Vu comme acteur dans La Trêve notamment, Thomas Mustin est également chanteur, sous le nom de Mustii. Il vient de sortir son premier album, 21st Century Boy, électropop spectaculaire qui ne ménage pas ses effets.
Thomas Mustin habite tout près du musée Wiertz, à Ixelles. C’est peut-être un détail pour vous. Mais pour lui, ça veut dire beaucoup. Difficile en effet de ne pas dresser un parallèle entre les fresques spectaculaires d’Antoine Wiertz, peintre romantique belge du XIXe, et les chansons de Mustii, son alter ego musical: un même sens du grandiloquent, de la pompe, voire de l’excès. « De l’angoisse et du tourment aussi », sourit-il. C’est bien ce que confirme son nouveau disque. Après un EP en 2016, le jeune Bruxellois vient de sortir son tout premier album. Il est intitulé 21st Century Boy. Un clin d’oeil, forcément, au 20th Century Boy de T-Rex, l’entreprise glam-rock seventies de Marc Bolan. Et un nouvel indice sur le goût de l’intéressé pour une certaine théâtralité. Normal: c’est par là que tout a commencé…

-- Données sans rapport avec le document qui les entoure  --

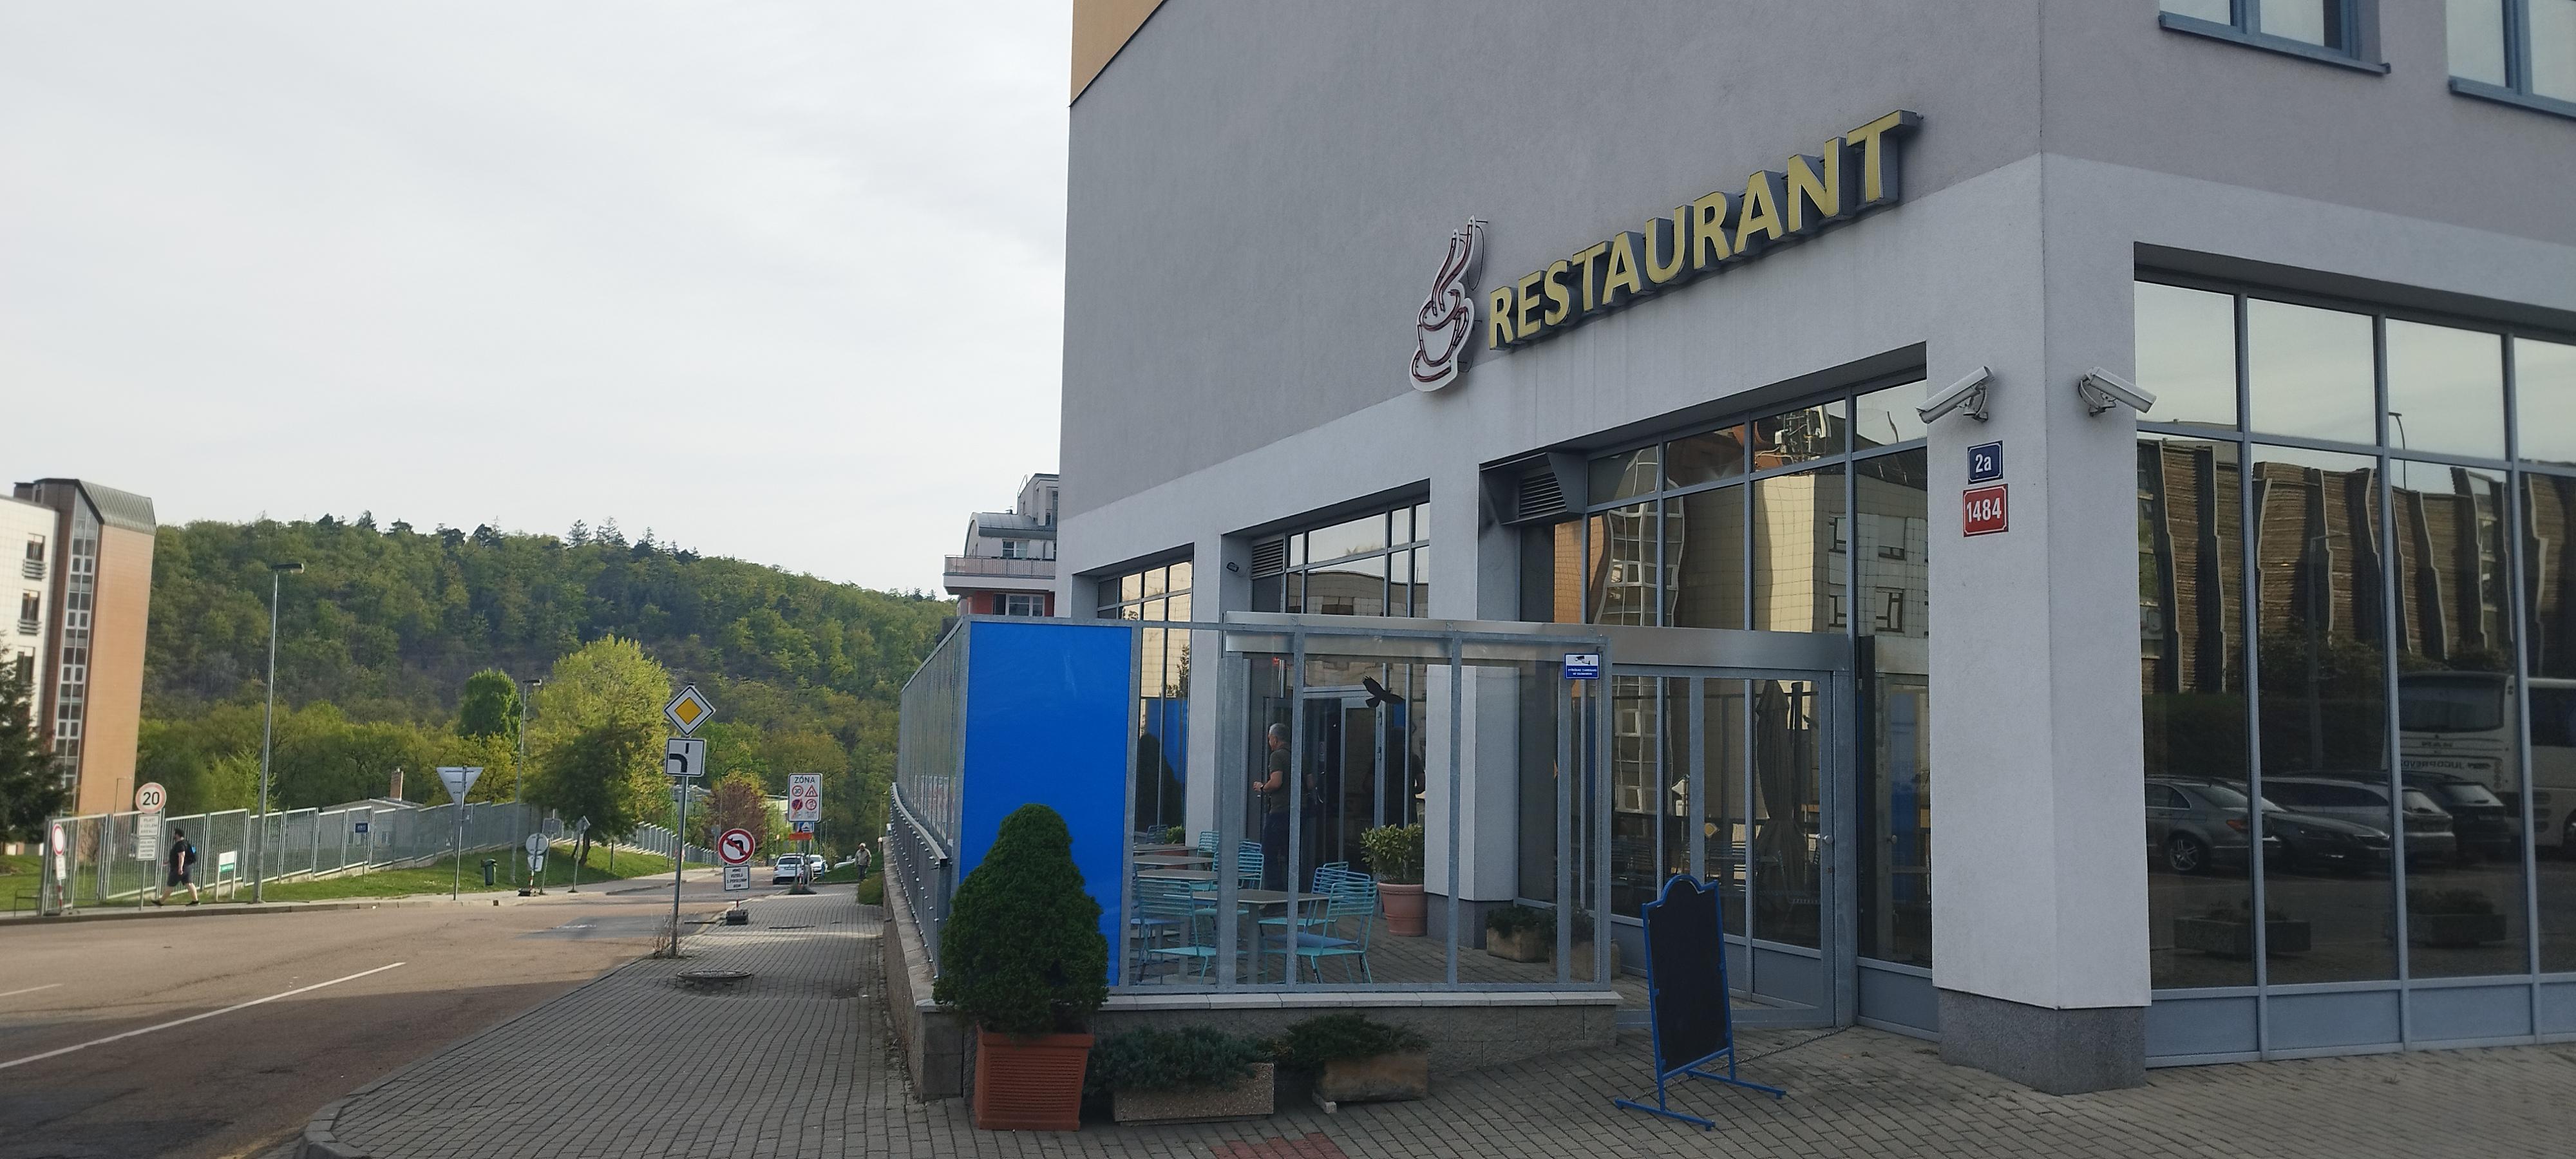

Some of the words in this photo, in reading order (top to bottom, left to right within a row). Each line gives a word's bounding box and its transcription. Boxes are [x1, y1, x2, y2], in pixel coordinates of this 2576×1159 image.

Mustii est raccord avec sa génération: tout-terrain et sans complexe.
Avant de devenir chanteur, Thomas Mustin est en effet d’abord un acteur. On l’a vu au cinéma – notamment, aux côtés de Romain Duris et Michel Blanc, dans Un petit boulot. Mais plus encore à la télé – dans la série La Trêve ou encore dans le téléfilm Je voulais juste rentrer chez moi, dans lequel il incarne Patrick Dils, victime d’une erreur judiciaire qui l’envoya en prison pendant quinze ans. Aujourd’hui, il entend bien continuer à combiner ses deux passions. « Pour l’instant, je n’ai aucune envie de trancher: je peux assumer les deux. » En mars prochain, par exemple, il jouera Hamlet au théâtre Jean Vilar, à Louvain-La-Neuve. En fait, Mustii est raccord avec sa génération: tout-terrain et sans complexe, il ne veut rien se refuser. « Plus que par « format », je préfère fonctionner par projet. »
Bowie, ce héros
Thomas Mustin est né en 1990, et à ce titre, rangé dans la catégorie des millenials. Il grandit du côté de Bruxelles, La Hulpe, puis finit par débarquer avec sa famille à Lasne – son Deli, ses vieilles dames peroxydées. « Et là, j’ai fui! », rigole-t-il. Il a 17 ans quand il intègre l’IAD à Louvain-La-Neuve, avec l’objectif de devenir acteur. « Depuis que je suis tout petit, je veux faire ce métier. Je devais avoir 6 ou 7 ans quand mes parents m’ont inscrit à des cours de théâtre. C’est un peu bateau, mais c’est la réalité: j’étais un gamin très timide, un peu à la marge. Ils pensaient que monter sur scène allait pouvoir m’aider. Ce qui est un peu paradoxal quand on y pense (rires). Mais en l’occurrence, dans mon cas, ça a marché. Petit à petit, ça m’a aidé à m’ouvrir. Ça a été comme une sorte de thérapie. »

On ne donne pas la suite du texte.